Escribir esto parece exagerado. No lo es. Ese conjunto de “violencias” que han ingresado a la escuela son las que hacen el batifondo que denomino “ruido”. El “ruido” es el que hace que el “clima del aula” sea inapropiado. Y el “clima del aula inapropiado” es el responsable (entre otros factores) de que algunos (¿cuántos?) alumnos no logren aprender y realicen su trayecto, año tras año, sin comprender consignas, sin comprender textos, sin poder realizar operaciones matemáticas simples, y muchos “sin”.
En mi opinión, absurdos como el que sostiene que escuchar a los profesores es un castigo o que a los docentes les disgusta el peinado o el uso de zapatillas por parte de los chicos (¿a quién se le ocurriría afirmar cosas así en un mundo razonable?) contribuyen a la existencia de “violencias”. En la actualidad, los docentes estamos en zapatillas y, la verdad, no tenemos ni medios ni tiempo disponible para ocuparnos de los peinados propios o ajenos. Dentro de la escuela nos encontramos con nuestros alumnos, no con “los adolescentes”, ni con “los otros”. Dentro de la escuela, docentes, autoridades, equipo de orientación, preceptores, auxiliares, padres y alumnos, somos “nosotros”.

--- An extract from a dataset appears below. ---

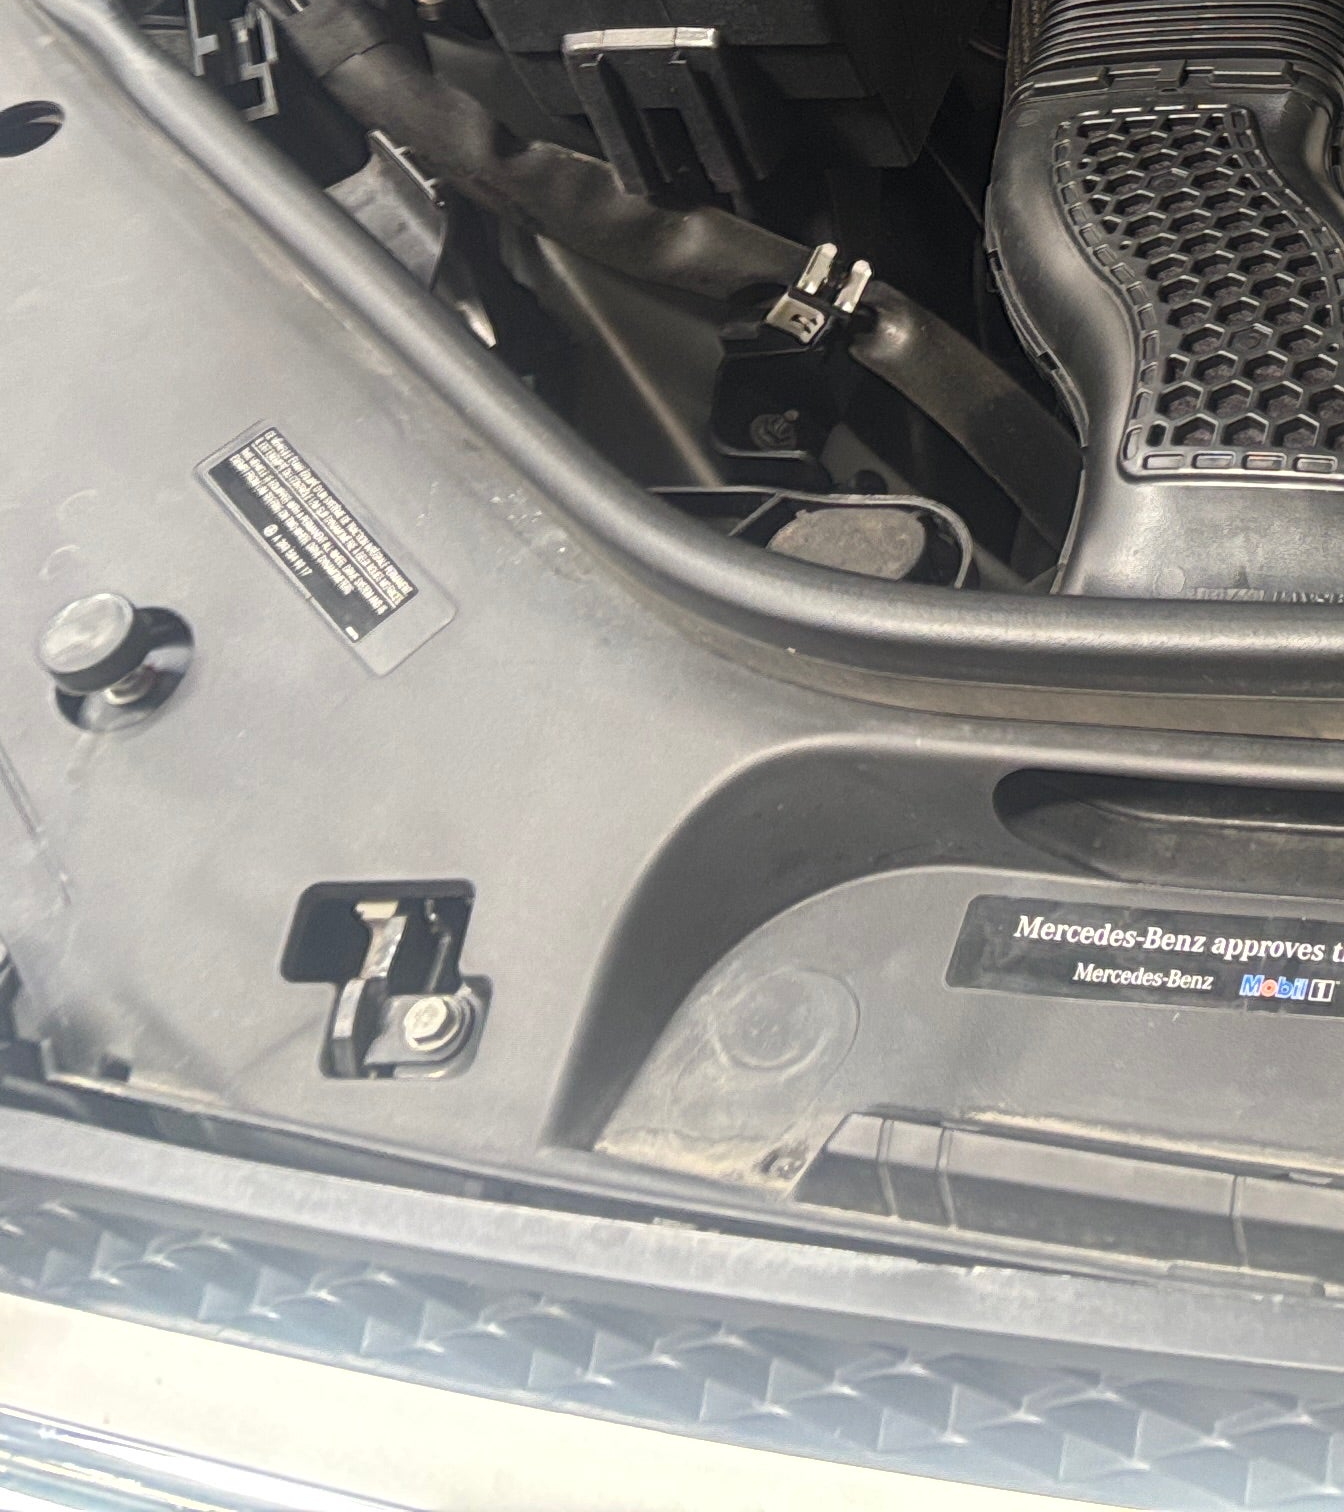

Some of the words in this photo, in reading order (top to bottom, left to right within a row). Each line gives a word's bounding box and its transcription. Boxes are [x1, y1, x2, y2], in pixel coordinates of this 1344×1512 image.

Nuestros alumnos forman parte de la comunidad educativa a la que pertenecemos, y si no lo considerásemos así, probablemente no nos dedicaríamos a trabajar con ellos. Y esto, que suena exagerado también, no puede ser más cierto: entre las “violencias” está la de trabajar sin cobrar un sueldo durante meses y meses o recibiendo descuentos erróneos e inesperados; contar con una obra social que deja mucho que desear; estar dentro de edificios donde hace calor, frío o falta todo, hasta la seguridad.
Se preguntarán cuál es para mí la mayor de las violencias que se dan en la escuela. Es la imposibilidad de enseñar y aprender en forma plena. La ineptitud e ineficacia de los adultos para resolver el problema del “ruido” que impide que los chicos aprendan y que todos trabajemos en condiciones dignas en muchos sentidos. La indiferencia de una sociedad que ha abandonado a sus adolescentes y les ha inculcado la falsa creencia de que el conocimiento no sirve, de que toda figura de autoridad, todo orden, todo método es algo despreciable. Que únicamente se puede considerar escuchar lo que dice un docente bajo la forma de castigo.
De nada sirve desgarrarse las vestiduras ante una juventud que no está capacitada para cumplir el horario de una jornada laboral o respetar las normas de una empresa. Ante una juventud que se anota en las universidades y los terciarios para continuar sus estudios superiores y fracasa en el intento. De nada sirve añorar las amonestaciones, la época donde los pibes cantaban el Himno Nacional Argentino durante los actos patrios y se dirigían a los adultos mayores con respeto. De nada sirve confundirse y creer que los docentes son adversarios y las calificaciones, algo ofensivo que se transformó en la medición de un simulacro. Se necesita abordar seriamente el estudio de “las violencias” que se viven en las escuelas y solucionarlas una por una para terminar con esta situación y formar una juventud que pueda hacer realidad sus sueños. Y para ello, además de “sanciones reparadoras” y docentes con buena voluntad, se necesitan políticas educativas realistas que sirvan para lograr una verdadera inclusión.